Bioetanol yang dihasilkan merupakan bioetanol fuel grade dengan tingkat kemurnian
minimal 99,5% yang sangat ramah lingkungan serta memiliki angka oktan yang tinggi yaitu
RON (Research Octane Number) 120. Akan tetapi, karena saat ini pasar bioetanol dalam
negeri masih belum ada kepastian, PTPN X menjual bioetanol produksinya ke Filipina yang
sedang gencar mencanangkan mandatory blending BBM E10 (kewajiban pencampuran 10%
bioetanol). Peluang memasok pasar Filipina semakin besar karena Thailand yang selama ini
memasok bioetanol ke Filipina akan mengurangi ekspor bioetanolnya dan lebih banyak
mengalokasikan bioetanol produksinya untuk dipakai sendiri di dalam negeri akibat
peningkatan mandatory blending dari E10 menjadi E20 di Thailand (PTPN X, 2014).

Dari hasil tetes tebu yang dihasilkan di peroleh 120.000 ton tetes tebu/100ha yang di
gunakan sebgai etanol adalah 4,5% maka :
Total bioethanol yang didapatkan adalah
= 120.000 ton x 4,5% = 5400 ton/100ha/tahun
Dijual dengan harga : Rp 8500/ liter
Maka hasil keuntungan yang di dapat dari penjualan bioethanol adalah
= 5400 ton x 1000 kg x 1liter x Rp 8500
= Rp 45.900.000.000 /100 ha/tahun
Pemanfaatan Ampas Tebu (Bagasse)

Ampas tebu merupakan produk samping yang dihasilkan dalam proses pengolahan tebu
menjadi gula, yang merupakan residu dari proses penggilingan tanaman tebu setelah
diekstrak atau dikeluarkan niranya.
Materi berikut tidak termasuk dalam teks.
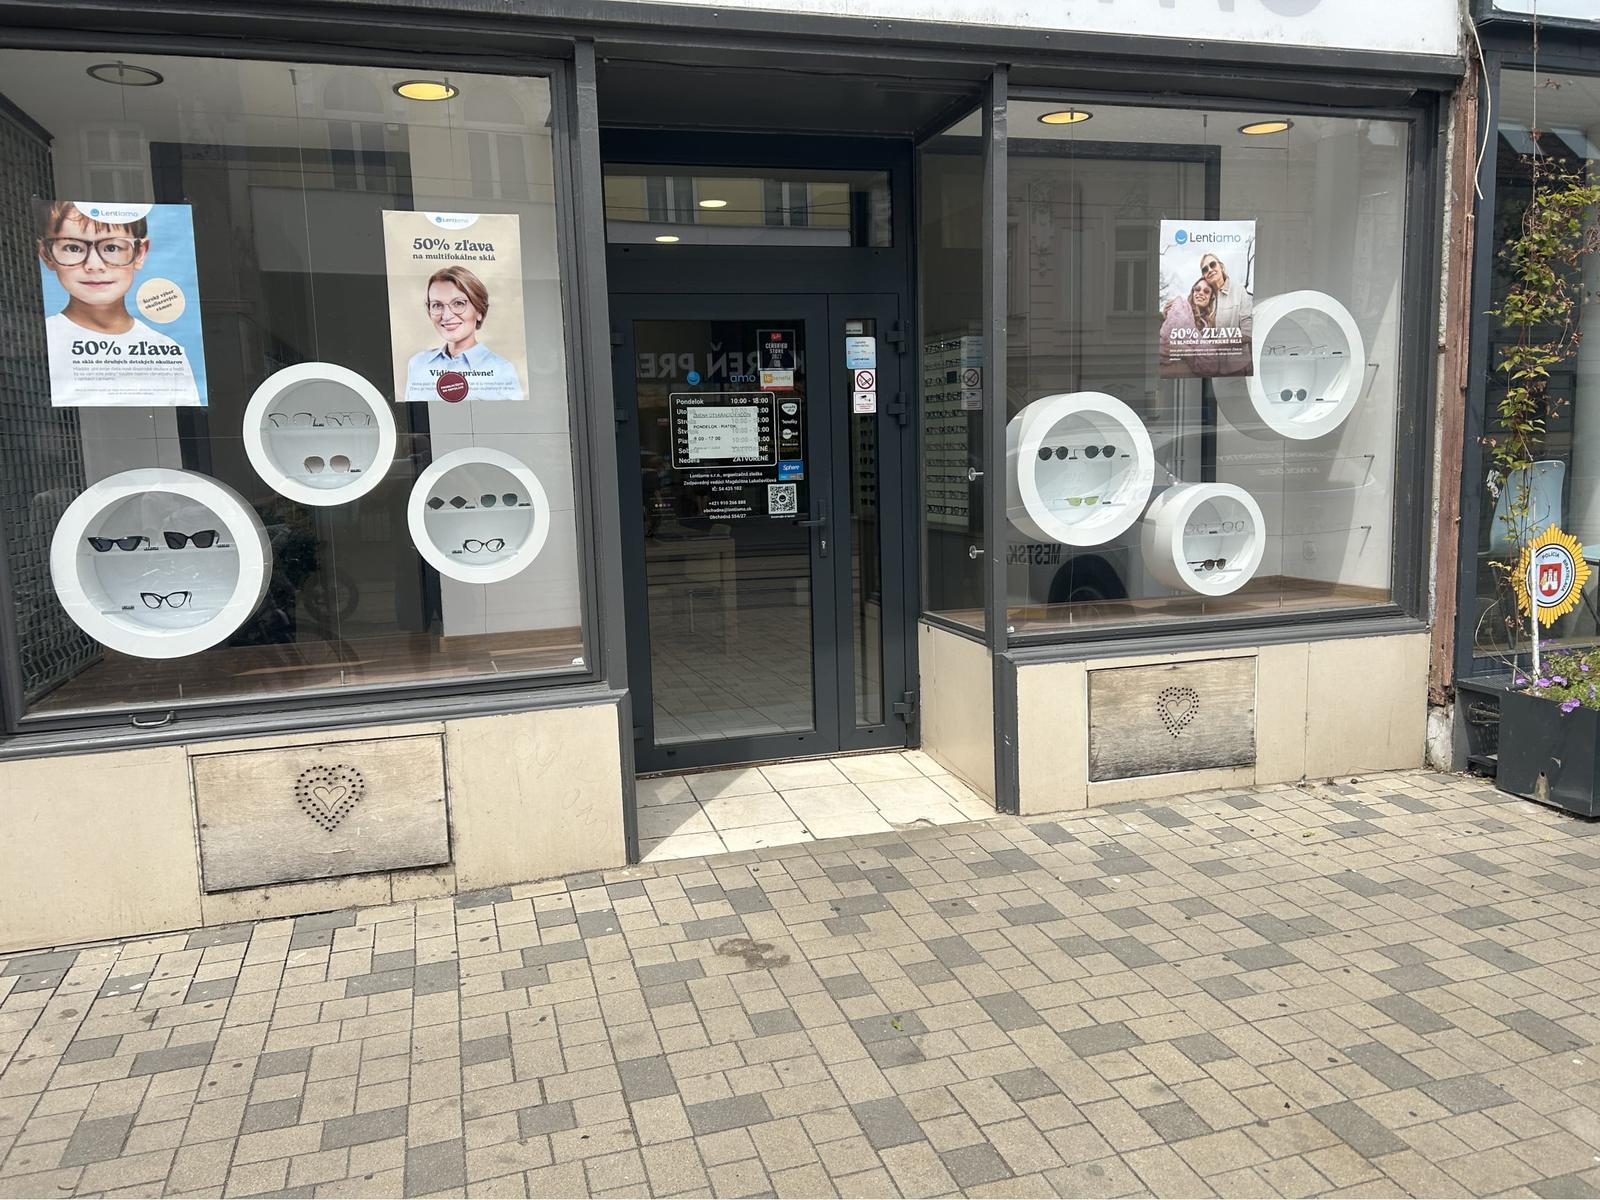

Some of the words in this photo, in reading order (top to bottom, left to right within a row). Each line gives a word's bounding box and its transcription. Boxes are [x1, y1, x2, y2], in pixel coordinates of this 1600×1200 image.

[1190, 232, 1241, 243] Lentiamo
[413, 238, 450, 250] 50%
[454, 239, 494, 252] zľava
[1170, 328, 1199, 339] 50%
[71, 340, 122, 356] 50%
[128, 341, 183, 356] zľava
Ampas tebu merupakan produk limbah berserat dan
mempunyai tingkat higroskopis tinggi. Menurut Subiyono (Agrofarm, 2014), satu ton tebu
dapat menghasilkan sekitar 300 kilogram ampas (30%), sementara menurut Misran (2005),
dalam proses produksi di pabrik gula dihasilkan sekitar 35-40% ampas tebu dari setiap tebu
yang diproses. Hasil perhitungan Syahputra et al. (2011), dengan asumsi proses penggilingan
tebu menjadi gula menghasilkan ampas tebu sebesar 32%, dihasilkan sekitar 10,2 juta ton
ampas tebu per tahun atau per musim giling se-Indonesia.
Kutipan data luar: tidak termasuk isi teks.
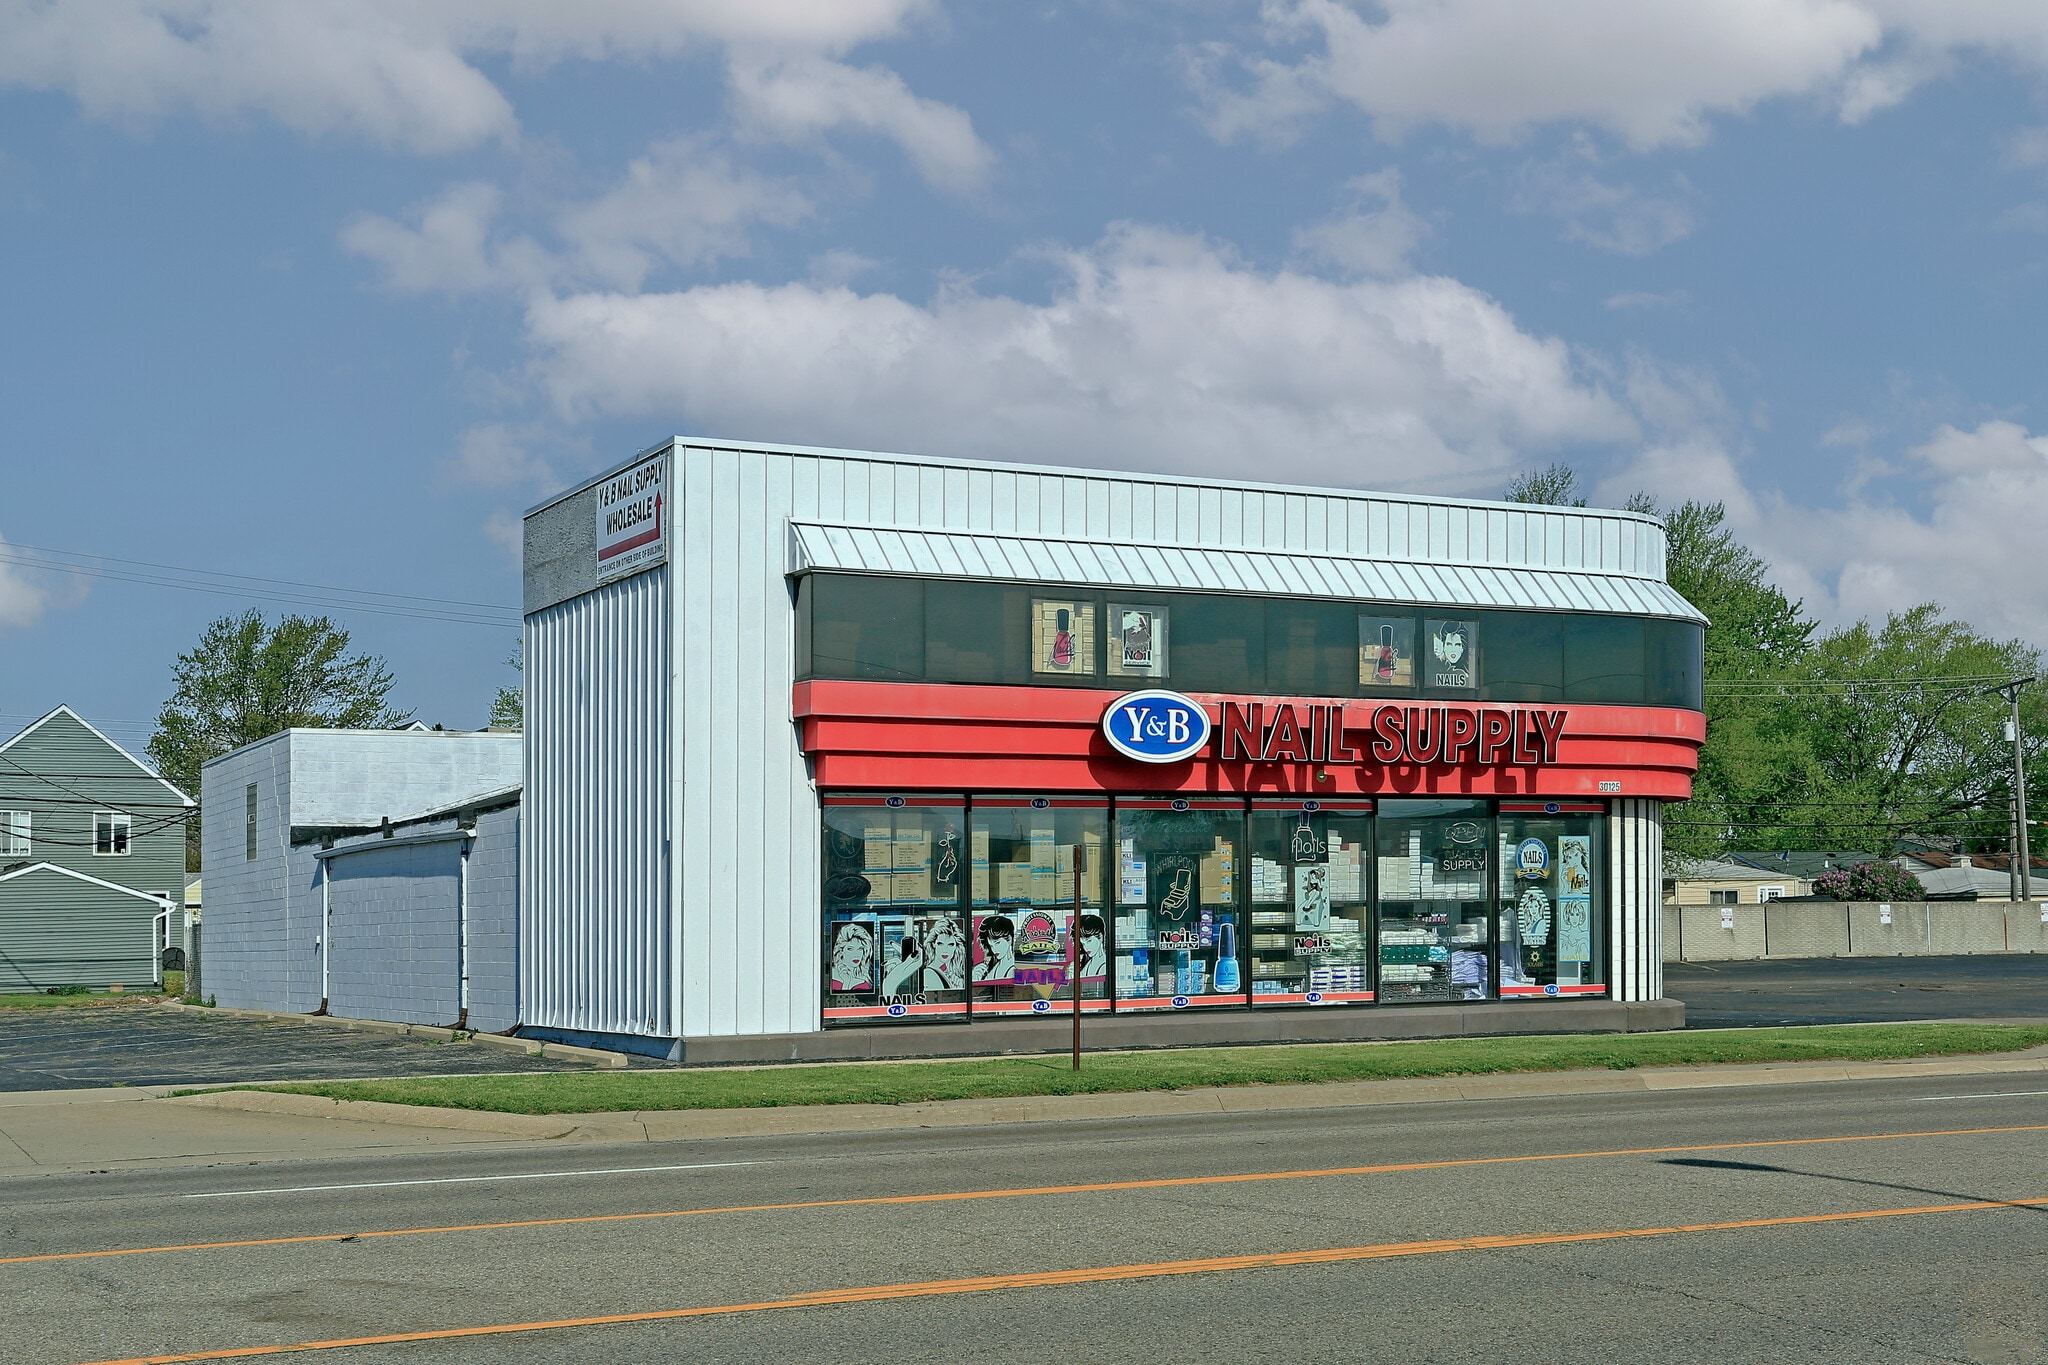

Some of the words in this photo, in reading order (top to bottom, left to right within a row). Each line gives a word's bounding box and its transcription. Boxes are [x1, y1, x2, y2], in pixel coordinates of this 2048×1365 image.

[599, 486, 604, 509] Y
[604, 485, 609, 507] &
[611, 482, 616, 504] B
[617, 474, 633, 500] NAIL
[635, 460, 663, 493] SUPPLY
[606, 496, 652, 536] WHOLESALE
[598, 561, 616, 575] ENTRANCE
[621, 554, 632, 567] OTHER
[632, 550, 641, 563] SIDE
[642, 549, 647, 560] OF
[647, 543, 663, 557] BUILDING
[1436, 673, 1466, 686] NAILS
[1124, 706, 1190, 744] Y&B
[1221, 701, 1355, 763] NAIL
[1372, 705, 1569, 764] SUPPLY
[1599, 782, 1620, 792] 30125
[1523, 850, 1543, 864] NAILS
[1443, 860, 1484, 871] SUPPLY
[1571, 873, 1589, 889] Nails
[1021, 942, 1057, 951] NAILS
[1523, 935, 1547, 946] NAILS
[1294, 947, 1331, 955] SUPPLY
[879, 993, 927, 1007] NAILS
Ampas tebu mudah terbakar karena mengandung air, gula, serat dan mikroba sehingga
bila tertumpuk akan terfermentasi dan melepaskan panas. Jika suhu tumpukan mencapai 94
C akan terjadi kebakaran spontan. Adapun komposisi kimia ampas tebu disajikan pada Tabel
2.
Tabel 2. Komposisi kimia ampas tebu
Unsur Kadar kandungan
Karbon ( C ) 47,0%
Hidrogen (H) 6,5%
Oksigen (O) 44,0%
Abu 2,5%
Kalor 1.825 kkal /kg (2,5% gula)
Protein kasar 1,01-2,11%
Serat kasar 43-52%
Kecernaan < 25%
Kadar NDF (Neutral Detergent
Fiber) 84,2%
Kadar ADF (Acid Detergent Fiber) 51%
Hemiselulosa 33,2%
Selulosa 40,3%
Lignin 11,2%
Nilai kalor 7.600 kJ/kg (kadar air 50%)
Sumber: Christiyanto dan Subrata (2005)

Ampas tebu merupakan limbah selulosik yang banyak sekali potensi pemanfaatannya.
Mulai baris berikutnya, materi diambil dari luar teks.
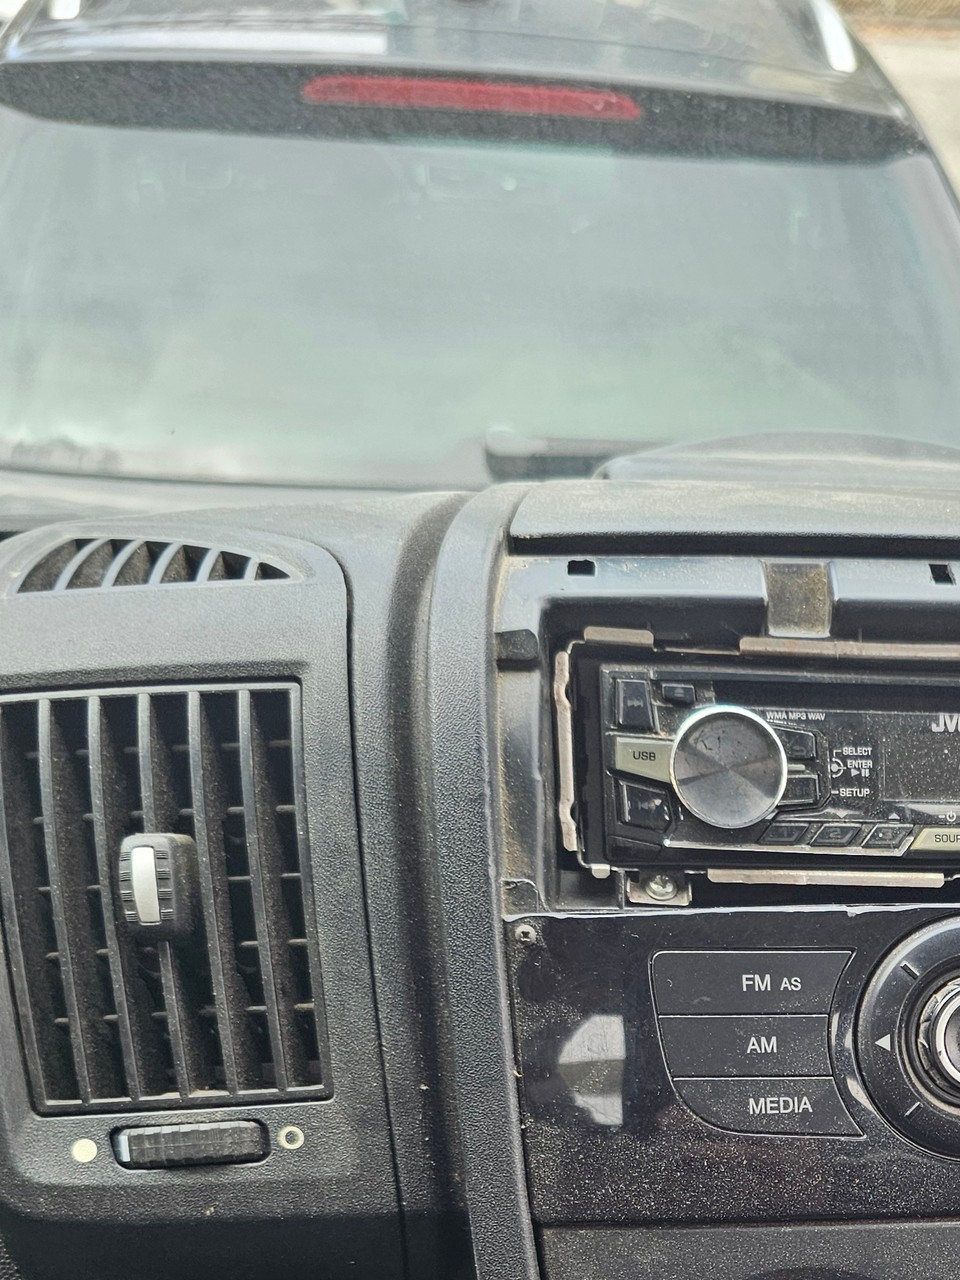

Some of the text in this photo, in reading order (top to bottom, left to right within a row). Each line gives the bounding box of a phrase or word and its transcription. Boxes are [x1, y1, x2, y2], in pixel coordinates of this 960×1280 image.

[766, 711, 826, 721] WMA MP3 WAV
[632, 751, 656, 761] USB
[842, 747, 873, 756] SELECT
[847, 760, 873, 768] ENTER
[839, 787, 871, 797] SETUP
[829, 827, 841, 838] 2
[741, 974, 802, 991] FM AS
[746, 1036, 778, 1054] AM
[748, 1096, 814, 1115] MEDIA
Selain untuk bahan bakar boiler di pabrik gula, sumber energi listrik, dan pakan ternak,
ampas tebu juga dapat dimanfaatkan sebagai bahan baku pembuatan kompos, pulp, particle
board, juga merupakan bahan pembuatan kanvas rem, furfural, sirup glukosa, etanol, CMC
(carboxymethyl cellulose), dan bahan penyerap (adsorbent) zat warna (Misran, 2005). Ampas
tebu diserap untuk bahan pembuatan kertas oleh pabrik kertas (Kompas, 12 Juli 2000).
Sebagian besar ampas tebu digunakan sebagai bahan bakar ketel (boiler) untuk
memproduksi energi, sedangkan sisanya terhampar di lahan pabrik sebagai limbah padat yang
merugikan lingkungan jika tidak dimanfaatkan. Menurut Subiyono (Agrofarm, 2014), dahulu
Belanda sudah mendesain semua PG supaya bisa mandiri dengan ampas tebu sebagai bahan
bakar. Ampas bisa digunakan untuk menggerakkan mesin tanpa harus menggunakan BBM
atau batubara. Namun, dalam perjalanan waktu banyak PG di Indonesia yang justru
menggunakan bahan bakar fosil yang sangat mahal, sehingga menimbulkan inefisiensi. Oleh
karena itu, sejak empat tahun terakhir PG-PG di Lingkup PTPN X mengoptimalkan
pemanfaatan ampas, sehingga penggunaan bahan bakar fosil semakin menurun. Bahkan,
tahun depan ditargetkan penggunaan BBM untuk pengoperasian pabrik hingga 0%. Hasil
studi Rosmeika et al. (2010) menggunakan perangkat lunak Life Cycle Assessment (LCA)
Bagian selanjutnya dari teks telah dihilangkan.